Pre load on Ibuprofen is the way to go. Also, gatorade.

Booze is really bad though. Except maybe a beer to lighten up the mood.


----------



## Donutz

MMSlasher said:


> This is why I don't like flows. Goofy footed and right handed don't end well for a person as limber as a brick.
> 
> On topic though, my first day back sucks every year and seems to be getting worse. I lift and do cardio, but no yoga. I know I need too, but there are only so many hours in a gym session. I always see some old dudes on the slopes, 60+ on skis, and think to myself that I need to pick up some skis. I don't think I have ever seen a 60+ on a board.


We are rare.


----------



## t21

My first opening weekend(including friday) was a SOREfest due to the second day turned out to be powder day. I struggled to stay afloat on my warpig by having it on a centered stance and being sore from the first day did not help. shifting my hips back to raise my tips was a definite leg burner and not doing any physical training prior to the season was a mistake.


----------



## neni

MMSlasher said:


> I don't think I have ever seen a 60+ on a board.

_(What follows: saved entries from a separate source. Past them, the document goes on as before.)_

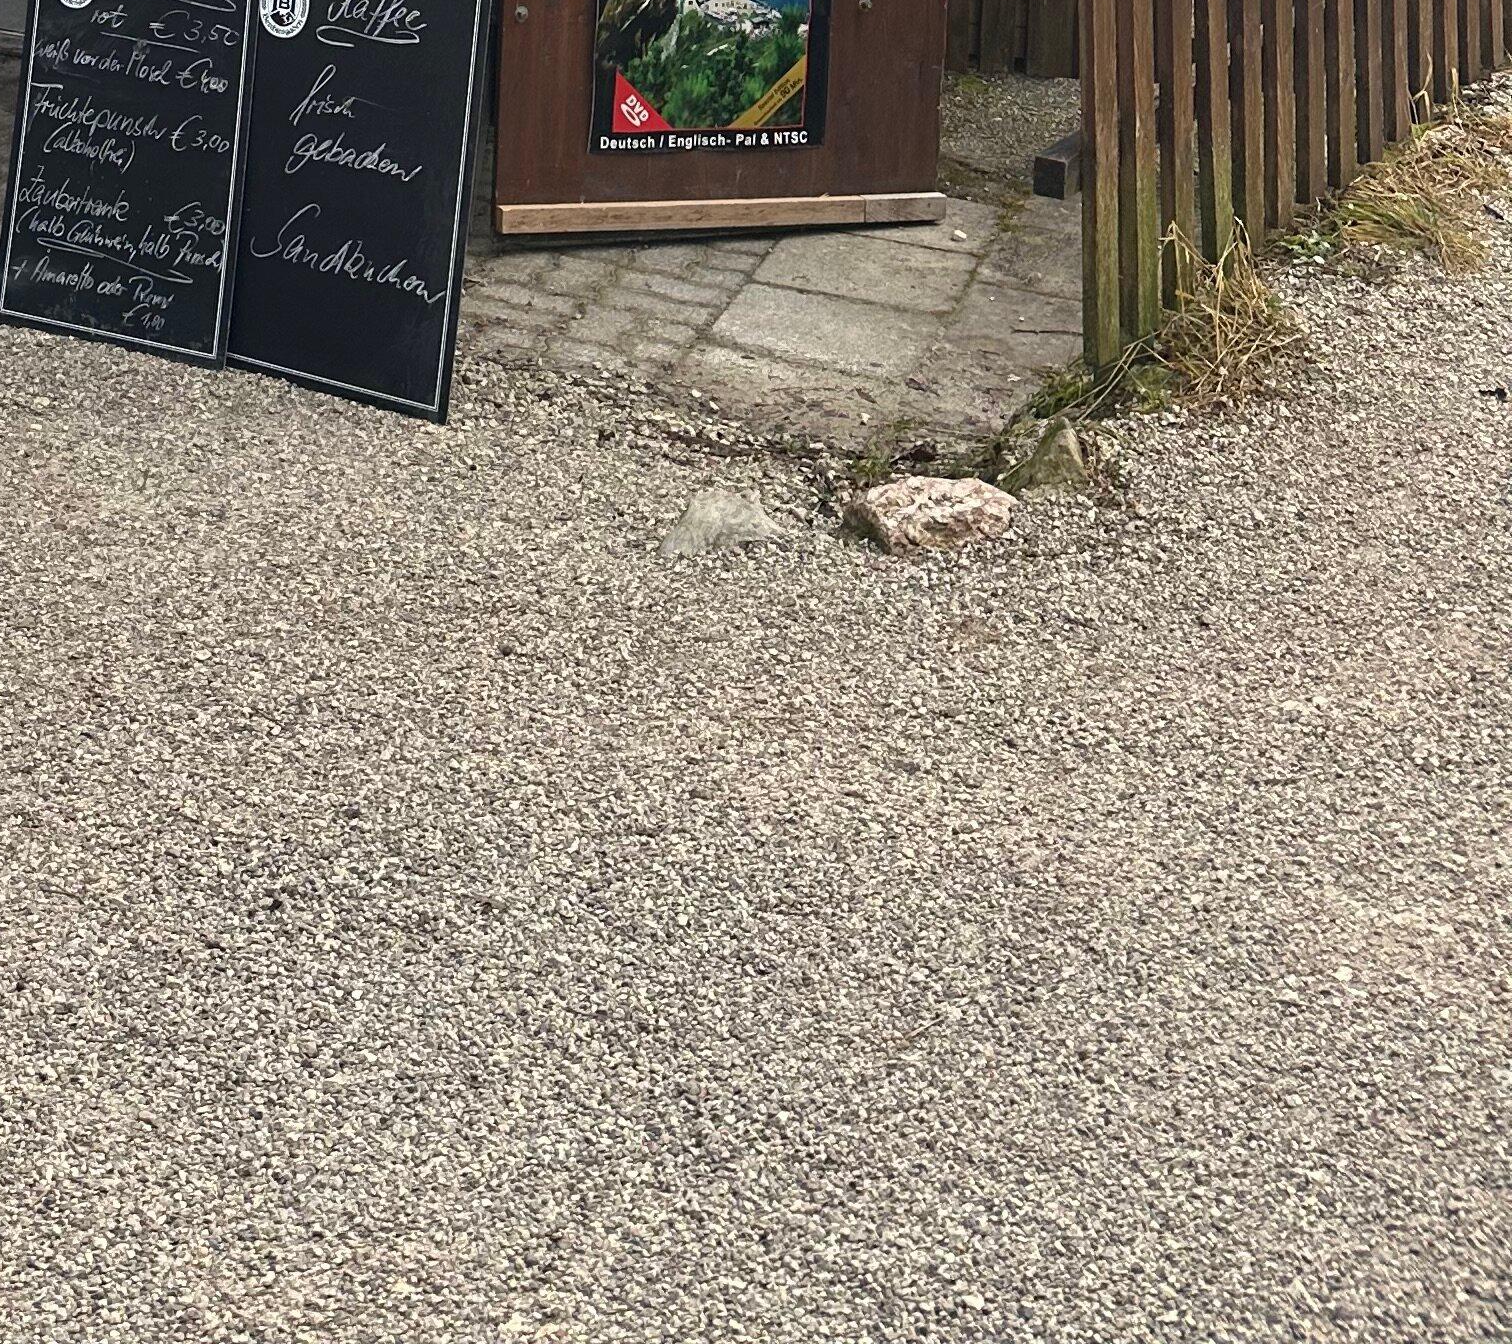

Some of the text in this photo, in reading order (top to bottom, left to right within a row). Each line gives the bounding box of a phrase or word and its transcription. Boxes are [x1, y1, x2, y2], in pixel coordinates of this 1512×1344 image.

[90, 4, 128, 28] rot
[624, 93, 650, 123] DVD
[599, 135, 656, 150] Deutsch
[668, 133, 731, 152] Englisch-
[735, 133, 757, 147] Pal
[760, 132, 770, 146] &
[773, 130, 809, 145] NTSC
[138, 224, 171, 259] halb
[97, 275, 127, 295] oder

You're too early. Check the forum in 15-20y and you'll see plenty.


----------



## neni

deagol said:


> I went splitboarding today with my partner who is 18 years younger than me, really %%&*^ hard keeping up with him, and he's on skis, so even faster. Yup getting old sucks....


Went hiking with my 8yo godson... the little guy does 19km without getting tired (continues to play soccer with friends after coming home)... I fear the days when he becomes 18! 
Hmmm... OTOH, in 20y, he may _carry_ me up


----------



## chomps1211

MMSlasher said:


> ....I always see some old dudes on the slopes, 60+ on skis, and think to myself that I need to pick up some skis. *I don't think I have ever seen a 60+ on a board*.


Here ya go.... Enjoy! :grin:


----------



## poser

neni said:


> You're too early. Check the forum in 15-20y and you'll see plenty.




One of my regular riding partners is 66 and has incredible technique and fluidity. He’s the best rider on moguls I’ve ever seen. People come up to him regularly and say something like, “dude, I saw you from the lift: you’re really, really good”. 

If you were to follow him without knowing his age, you’d think “that’s an incredibly experienced mid 30s rider” based on the way he moves. To be fair though, he started skiing in the 70s and snowboarding in the early 90s and probably has ridden 50-100+ days every single season.


----------



## Scalpelman

F1EA said:


> Yup.
> 
> Pre load on Ibuprofen is the way to go. Also, gatorade.
> 
> 
> 
> Booze is really bad though. Except maybe a beer to lighten up the mood.




Ha yeah I gave up the boozing and riding. It’s my end of day reward now. Need to keep my mind sharp. I just turned 50. Plan is boarding til 80.....


Sent from my iPhone using Tapatalk


----------



## wrathfuldeity

Riding is the new skiing. Met a few geezers that have switched to riding because their knees could no longer handle skiing.


----------



## t21

I turned 50 this past May and after riding this past two weekends, i might need to change my riding style a bit. I normally ride gorilla stance(low and go fast) even when i was skiing before.I get my power and balance that way but now it seems to kill me. I like to carve,i even set my bindings on forward stance last friday to get lower but when i attempted to ride on bumps with that set up i got schooled! I like riding on moguls but i got thrown around like a newbie. I could not ride around the bumps like i used to with duck stance and my thighs/knees did not want to play shock absorber so my soreness is from getting buck and flipping over and one particular slam got me a type of charlie horse on my left thigh,still sore this morning.


----------



## F1EA

Scalpelman said:


> Ha yeah I gave up the boozing and riding. It’s my end of day reward now. Need to keep my mind sharp. I just turned 50. Plan is boarding til 80.....
> 
> 
> Sent from my iPhone using Tapatalk


Yeah 1 or 2 beers at the end of day is the most I'd do now.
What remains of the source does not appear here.